アメリカでは随分特定できているなと感じますが、それでも、あくまで由来が確定できたものが報告されていると考えるべきでしょう。
米国のデータでは、1 ~ 10 歳児のサルモネラ症の約 17 % がペットのカメからの感染と推測されており、年間にカメ関連サルモネラ症事例は 28 万人に達すると積算されている。そして、1975 年の甲羅 4インチ(約 10cm)未満のカメの米国内販売禁止措置により、1976 年には 10 万件の小児サルモネラ症の発症予防ができたとのことである。

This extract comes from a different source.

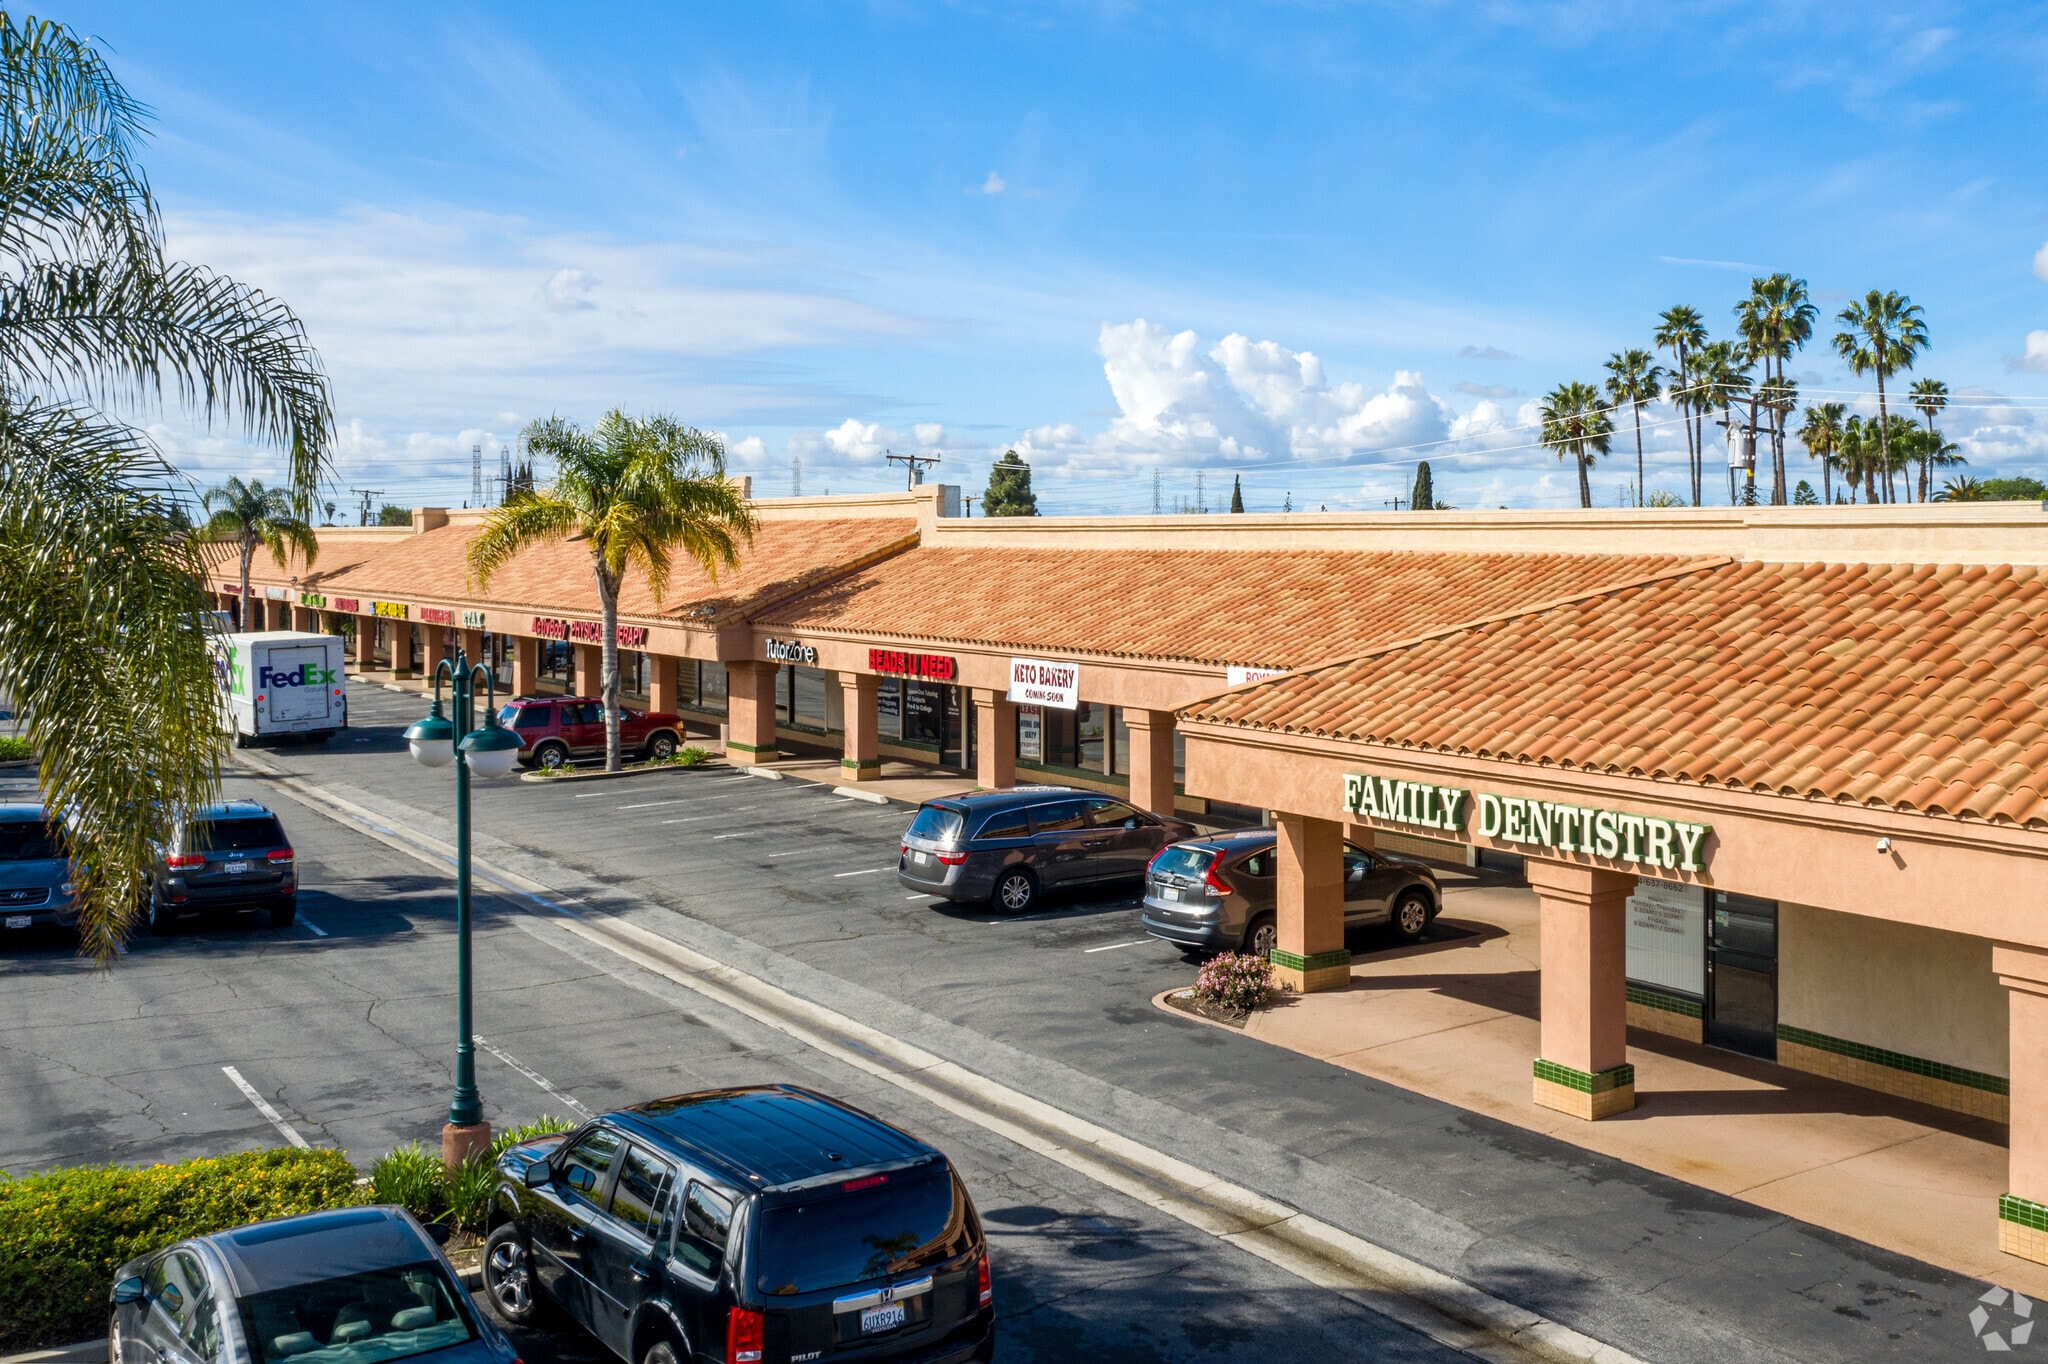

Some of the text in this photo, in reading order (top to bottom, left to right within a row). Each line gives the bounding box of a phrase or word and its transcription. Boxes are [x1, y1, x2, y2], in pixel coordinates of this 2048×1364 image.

出典:荒島康友,矢久保修嗣新世紀・「One Health」としてのZoonosis 〈第40回〉カメ、イヌ等からサルモネラ(胃腸炎)が感染する!?」(大塚薬報 2015 年 5 月号(No.705))

爬虫類にベタベタ触らせるイベントがあちこちで開かれ、アニマルカフェでも飲み物を出すテーブルに爬虫類が置かれたりしていますが、動物福祉の問題だけでなく、公衆衛生上も許されることなのか疑問です。